• [Work order]:
Transcribe the data exactly. Pictures stay out.

** Opening Records for this exercise block **

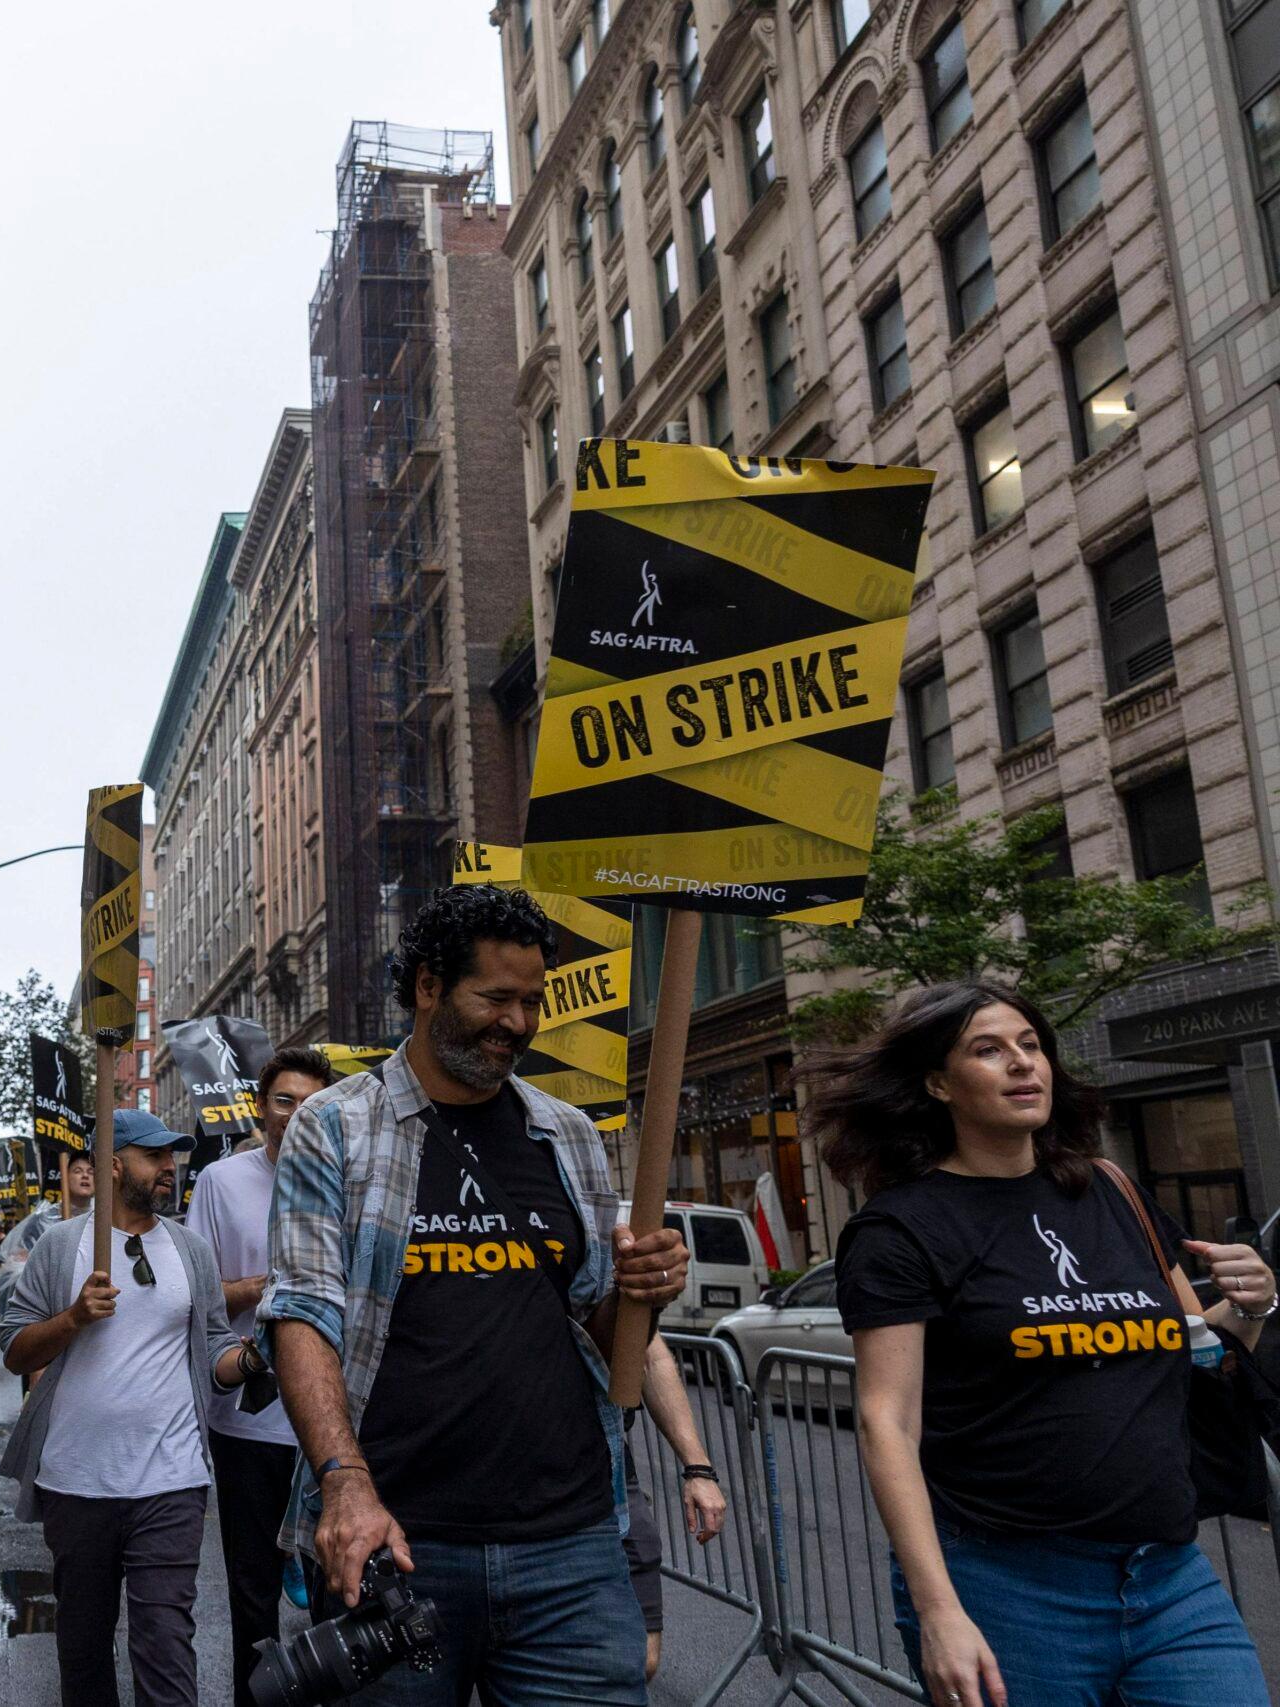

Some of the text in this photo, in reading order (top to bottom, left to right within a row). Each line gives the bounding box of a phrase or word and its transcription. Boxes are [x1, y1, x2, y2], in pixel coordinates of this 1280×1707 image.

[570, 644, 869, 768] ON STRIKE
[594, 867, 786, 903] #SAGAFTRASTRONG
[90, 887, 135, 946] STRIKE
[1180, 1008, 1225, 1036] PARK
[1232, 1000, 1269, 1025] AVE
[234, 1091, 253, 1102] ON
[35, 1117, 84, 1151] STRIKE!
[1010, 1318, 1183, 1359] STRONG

** Closing Records for this exercise block **

• [Task response]:
Some of the text in this photo, in reading order (top to bottom, left to right within a row). Each line gives the bounding box of a phrase or word and its transcription. Boxes are [x1, y1, x2, y2], in pixel coordinates of this 1280×1707 image.

[570, 644, 869, 768] ON STRIKE
[594, 867, 786, 903] #SAGAFTRASTRONG
[90, 887, 135, 946] STRIKE
[1180, 1008, 1225, 1036] PARK
[1232, 1000, 1269, 1025] AVE
[234, 1091, 253, 1102] ON
[35, 1117, 84, 1151] STRIKE!
[1010, 1318, 1183, 1359] STRONG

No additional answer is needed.